Data entries
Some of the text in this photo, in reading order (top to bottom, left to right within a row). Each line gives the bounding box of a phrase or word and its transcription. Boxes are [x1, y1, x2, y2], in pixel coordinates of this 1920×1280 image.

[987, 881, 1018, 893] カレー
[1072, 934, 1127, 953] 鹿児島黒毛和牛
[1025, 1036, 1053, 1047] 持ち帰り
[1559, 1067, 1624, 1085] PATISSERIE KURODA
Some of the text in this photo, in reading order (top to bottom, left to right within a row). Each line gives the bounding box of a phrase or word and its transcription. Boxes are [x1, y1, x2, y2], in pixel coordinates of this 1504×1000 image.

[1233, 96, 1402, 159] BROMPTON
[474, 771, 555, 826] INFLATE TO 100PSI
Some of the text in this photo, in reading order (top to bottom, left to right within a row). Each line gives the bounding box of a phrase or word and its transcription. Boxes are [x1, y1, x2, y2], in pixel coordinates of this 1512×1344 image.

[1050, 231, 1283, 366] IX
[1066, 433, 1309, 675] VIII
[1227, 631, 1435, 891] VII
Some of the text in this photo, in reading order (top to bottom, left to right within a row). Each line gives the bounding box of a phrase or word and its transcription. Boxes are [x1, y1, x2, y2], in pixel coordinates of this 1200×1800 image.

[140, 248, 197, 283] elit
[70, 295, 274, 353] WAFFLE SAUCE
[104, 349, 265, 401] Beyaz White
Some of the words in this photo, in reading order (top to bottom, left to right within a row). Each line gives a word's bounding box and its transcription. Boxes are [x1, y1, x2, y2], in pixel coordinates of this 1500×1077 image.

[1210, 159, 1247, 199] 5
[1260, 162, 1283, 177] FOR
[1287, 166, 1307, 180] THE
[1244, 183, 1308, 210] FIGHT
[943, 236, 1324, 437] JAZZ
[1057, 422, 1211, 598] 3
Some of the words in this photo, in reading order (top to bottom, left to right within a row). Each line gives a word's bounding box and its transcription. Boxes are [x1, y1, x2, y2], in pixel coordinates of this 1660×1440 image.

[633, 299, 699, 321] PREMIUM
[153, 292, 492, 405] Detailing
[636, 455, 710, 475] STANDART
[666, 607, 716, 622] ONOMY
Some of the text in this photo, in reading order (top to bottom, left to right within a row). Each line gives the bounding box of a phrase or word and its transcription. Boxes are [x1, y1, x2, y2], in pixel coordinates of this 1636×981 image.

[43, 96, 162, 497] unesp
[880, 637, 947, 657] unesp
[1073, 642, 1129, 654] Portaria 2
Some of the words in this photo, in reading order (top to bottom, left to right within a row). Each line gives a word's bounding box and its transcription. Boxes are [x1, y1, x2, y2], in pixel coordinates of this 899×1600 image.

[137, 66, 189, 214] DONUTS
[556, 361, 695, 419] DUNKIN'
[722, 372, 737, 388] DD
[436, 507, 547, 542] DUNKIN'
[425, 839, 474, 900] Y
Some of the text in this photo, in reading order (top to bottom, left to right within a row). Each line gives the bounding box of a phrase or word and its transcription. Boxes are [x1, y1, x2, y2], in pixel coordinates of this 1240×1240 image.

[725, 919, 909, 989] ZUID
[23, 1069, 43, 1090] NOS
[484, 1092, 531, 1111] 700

- **Exercise requirements**
Give back exactly the lines from the one that contains "this 1240×1240 image." to the end of the data above, both of those lines included.

- **Finished exercise**
Some of the text in this photo, in reading order (top to bottom, left to right within a row). Each line gives the bounding box of a phrase or word and its transcription. Boxes are [x1, y1, x2, y2], in pixel coordinates of this 1240×1240 image.

[725, 919, 909, 989] ZUID
[23, 1069, 43, 1090] NOS
[484, 1092, 531, 1111] 700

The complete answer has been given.